Prompt | Leaving the pictures out, transcribe the records below exactly.

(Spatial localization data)
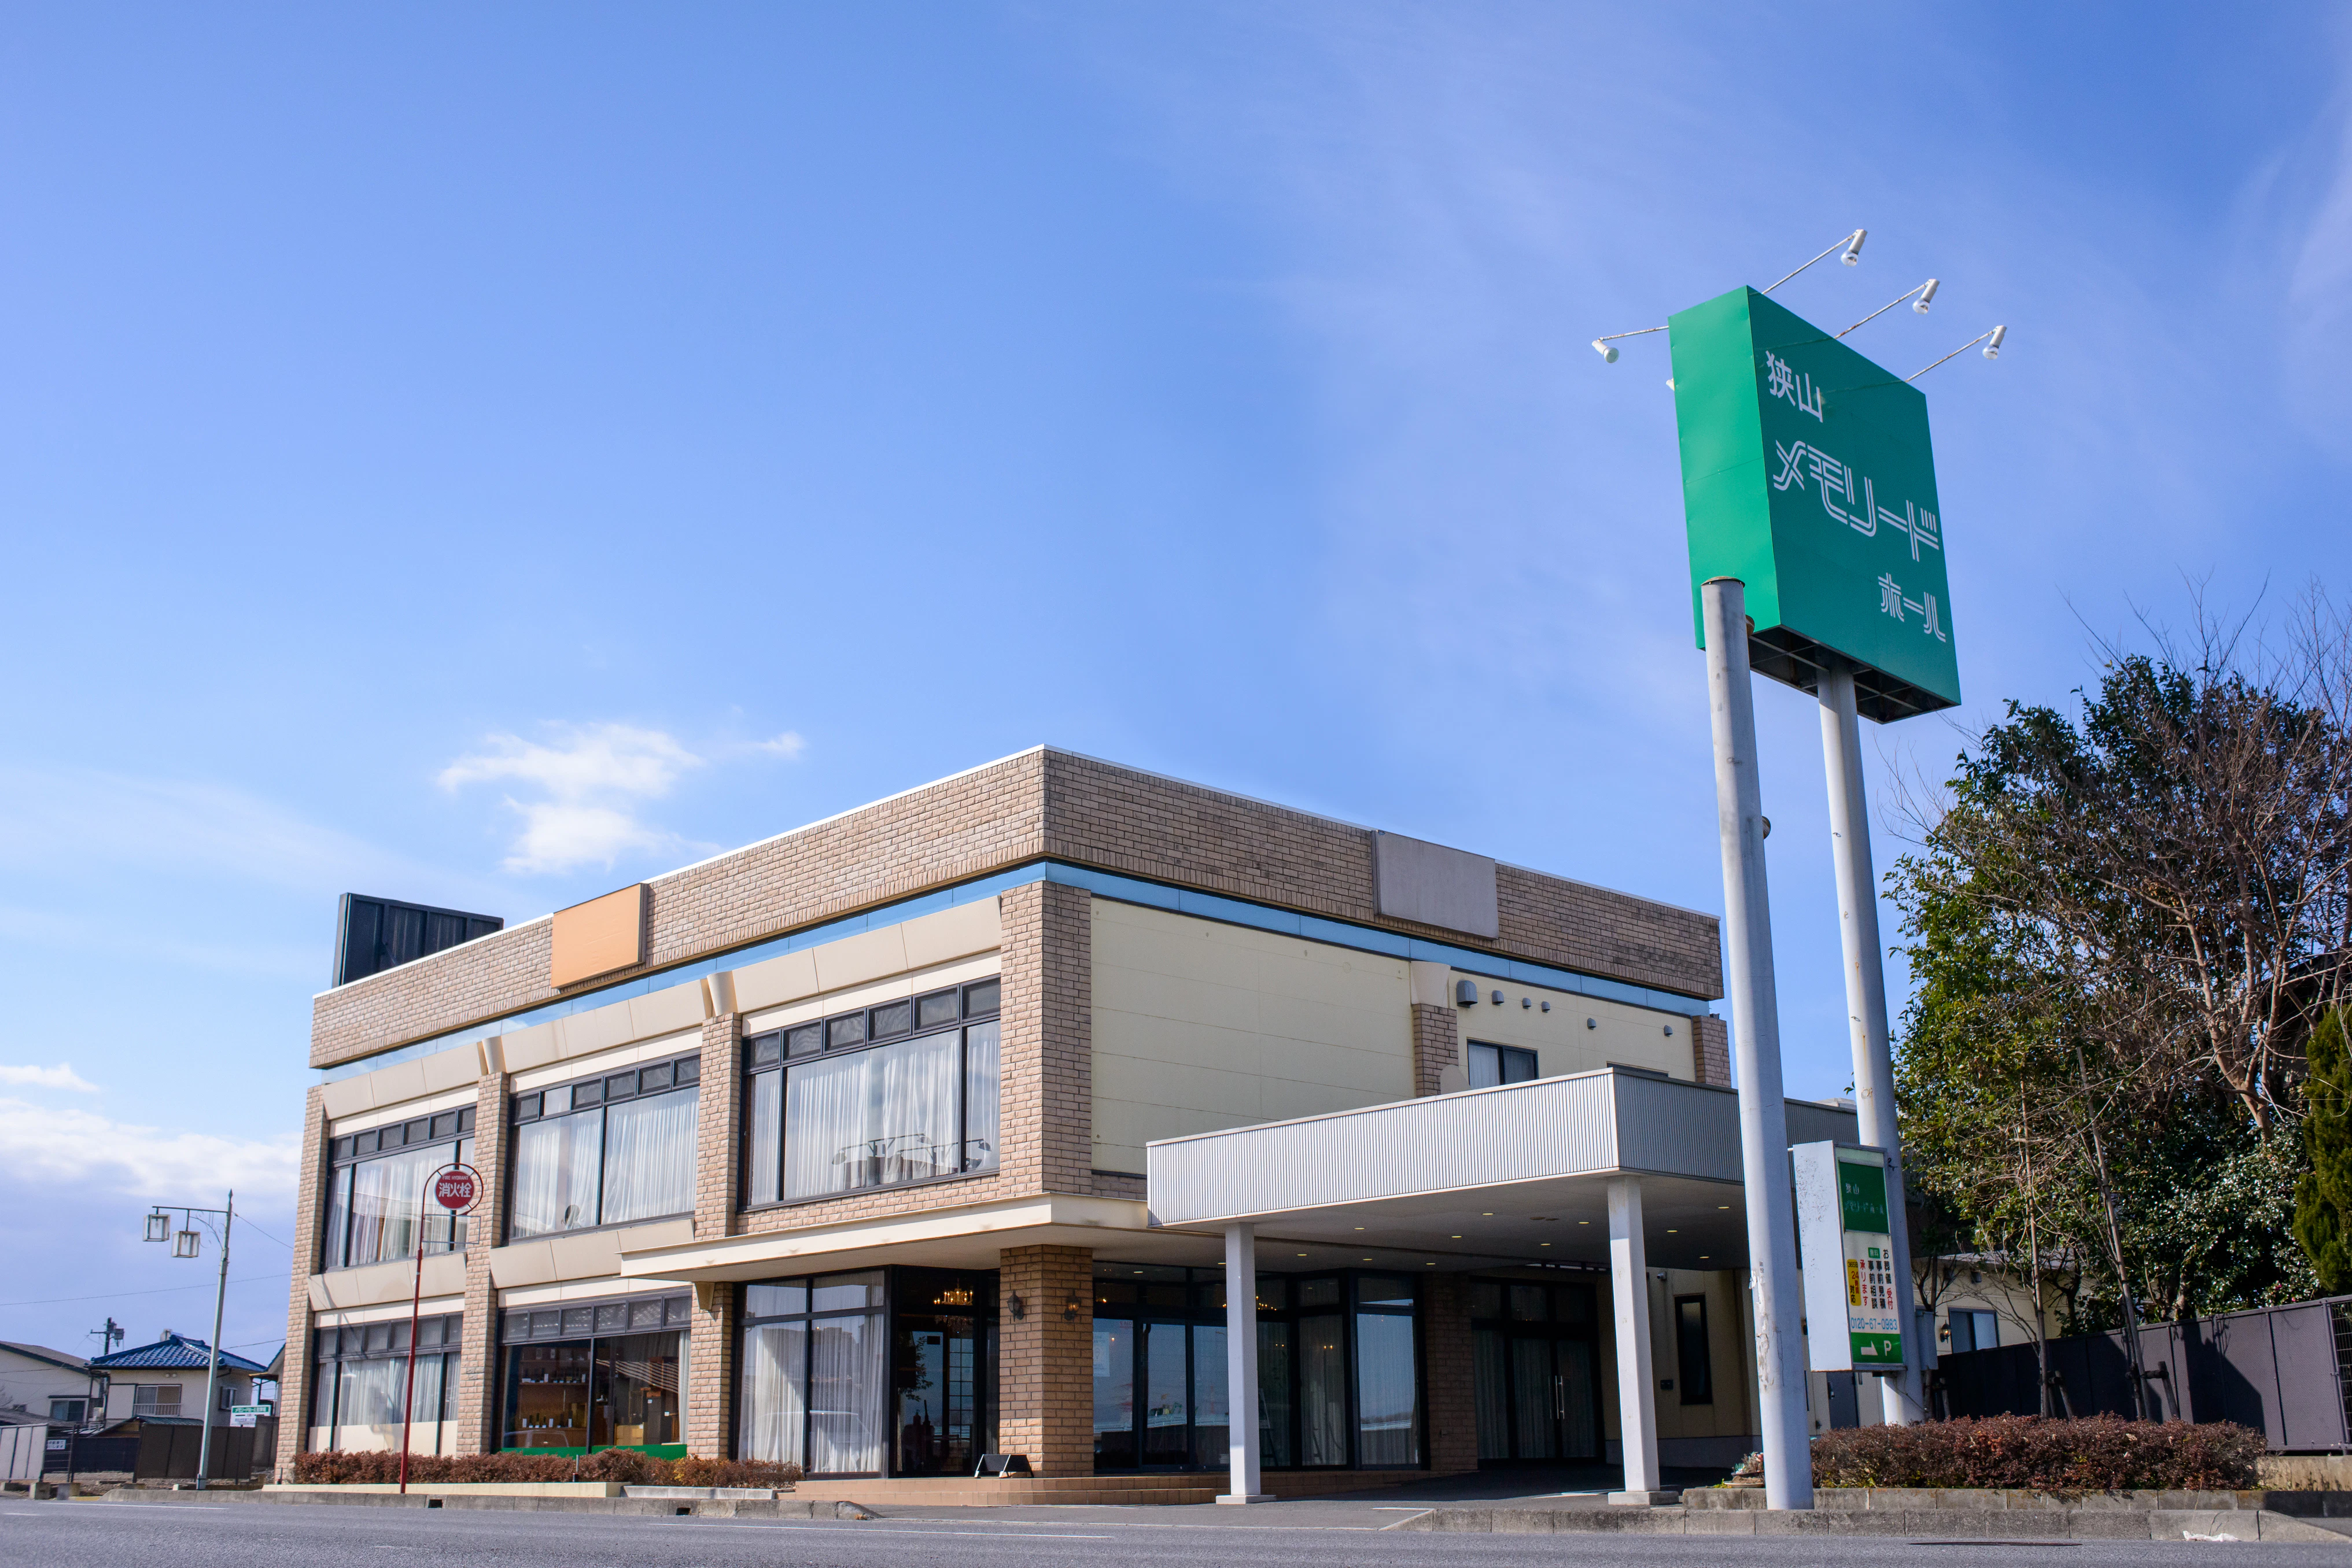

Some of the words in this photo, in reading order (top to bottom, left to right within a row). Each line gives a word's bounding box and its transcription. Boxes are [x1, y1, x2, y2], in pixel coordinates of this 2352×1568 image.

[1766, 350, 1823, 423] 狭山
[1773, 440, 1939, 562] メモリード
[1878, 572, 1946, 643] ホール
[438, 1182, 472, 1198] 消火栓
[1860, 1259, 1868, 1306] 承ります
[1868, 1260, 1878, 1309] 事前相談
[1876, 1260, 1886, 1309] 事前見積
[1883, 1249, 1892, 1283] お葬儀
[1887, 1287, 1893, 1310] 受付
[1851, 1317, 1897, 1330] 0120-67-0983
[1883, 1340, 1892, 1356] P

Problem solution |
Some of the words in this photo, in reading order (top to bottom, left to right within a row). Each line gives a word's bounding box and its transcription. Boxes are [x1, y1, x2, y2], in pixel coordinates of this 2352×1568 image.

[1766, 350, 1823, 423] 狭山
[1773, 440, 1939, 562] メモリード
[1878, 572, 1946, 643] ホール
[438, 1182, 472, 1198] 消火栓
[1860, 1259, 1868, 1306] 承ります
[1868, 1260, 1878, 1309] 事前相談
[1876, 1260, 1886, 1309] 事前見積
[1883, 1249, 1892, 1283] お葬儀
[1887, 1287, 1893, 1310] 受付
[1851, 1317, 1897, 1330] 0120-67-0983
[1883, 1340, 1892, 1356] P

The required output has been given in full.